What I want to lay out here is a sketch for why many good men on the ground who care about missions and church planting and evangelism really have to care about this kind of thing and the hundreds of others like it. I know the objections. I know why good men don’t have time for this. These things turn nasty political, these things eat up time and energy, tensions get high, friendships get frayed, and meanwhile there are still sermons to prepare, fundraising to do, and millions of people who don’t know Jesus, who need to hear the gospel of grace. And good men often have good lives: happy families, leisure time, hobbies, and friends. Who wants to go to war and risk any of that?

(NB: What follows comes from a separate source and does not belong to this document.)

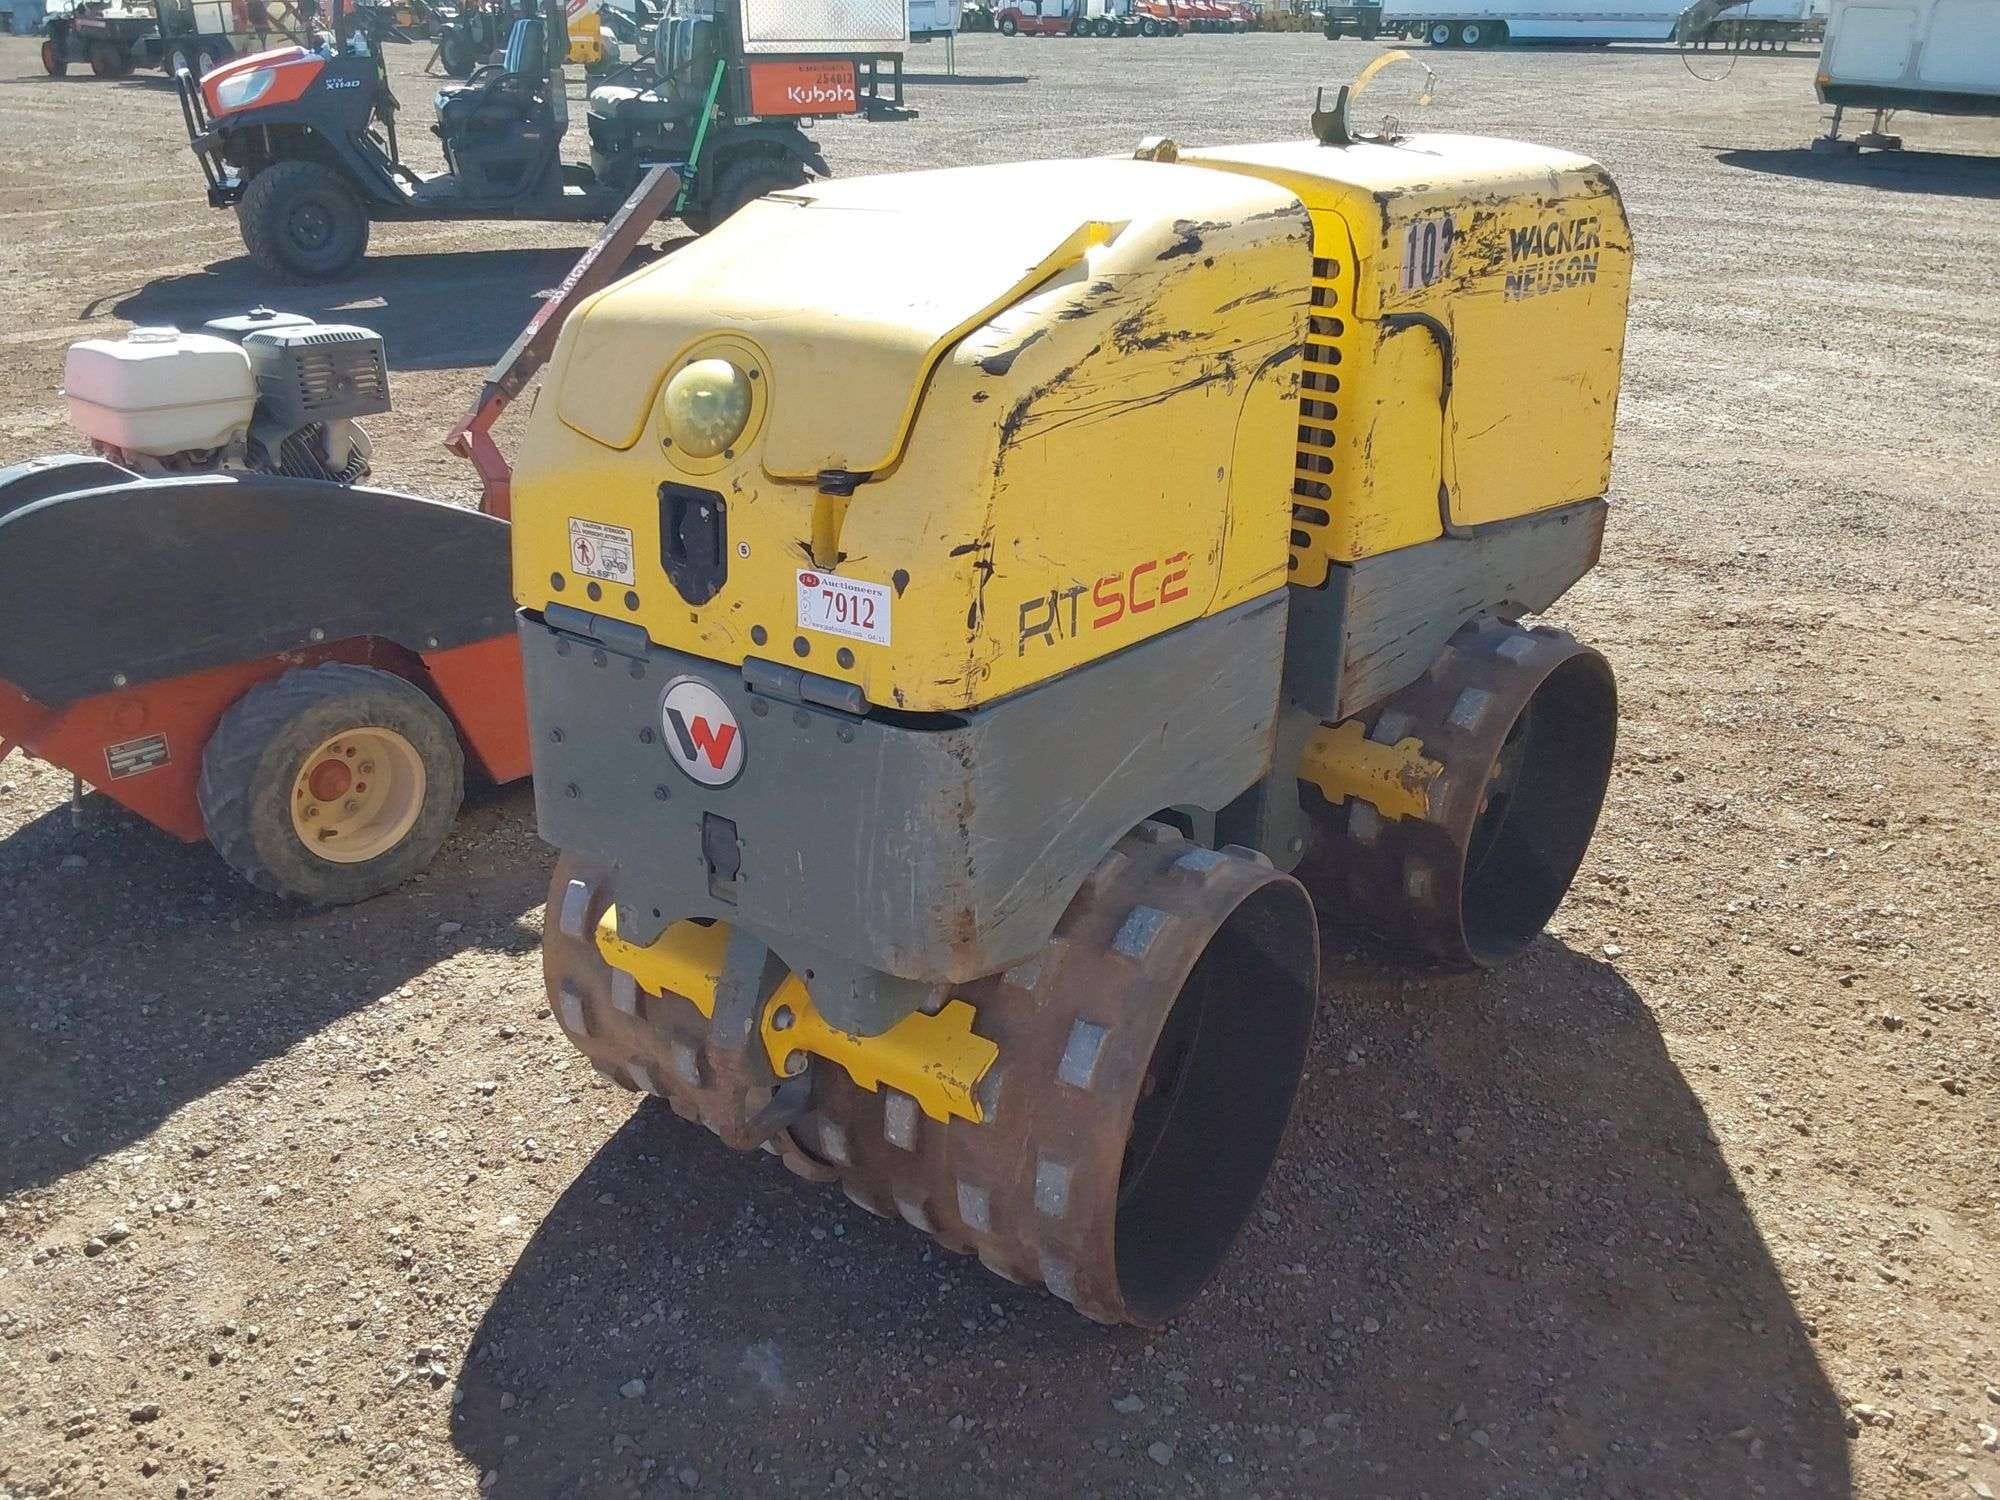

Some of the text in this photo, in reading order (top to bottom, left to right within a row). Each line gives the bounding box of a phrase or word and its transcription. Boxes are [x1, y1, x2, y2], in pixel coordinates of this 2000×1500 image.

But here’s the deal: there is simply no way to love the church of Jesus Christ, to love the gospel of Jesus Christ, and to love lost men with the gospel of Jesus Christ without guarding the church of Jesus Christ. Granted, some men are better at the guarding and some men are more gifted at the fishing. Some men are particularly gifted in hauling the fish in and others are particularly gifted to disciple and discipline the fish. I get that and rejoice in that. But no minister of the gospel has the luxury of seeing a wall in the castle of Christendom being breached and shrug and say he’s just in charge of the archers. No, in a war, we all have our particular assignments, we also have our particular skills, and then we have to do whatever needs to be done. If you are shepherds in the church of God, then you must not only be about bringing sheep into the flock of God, if you truly love those sheep, you must be about fighting the wolves that attack the flock of God.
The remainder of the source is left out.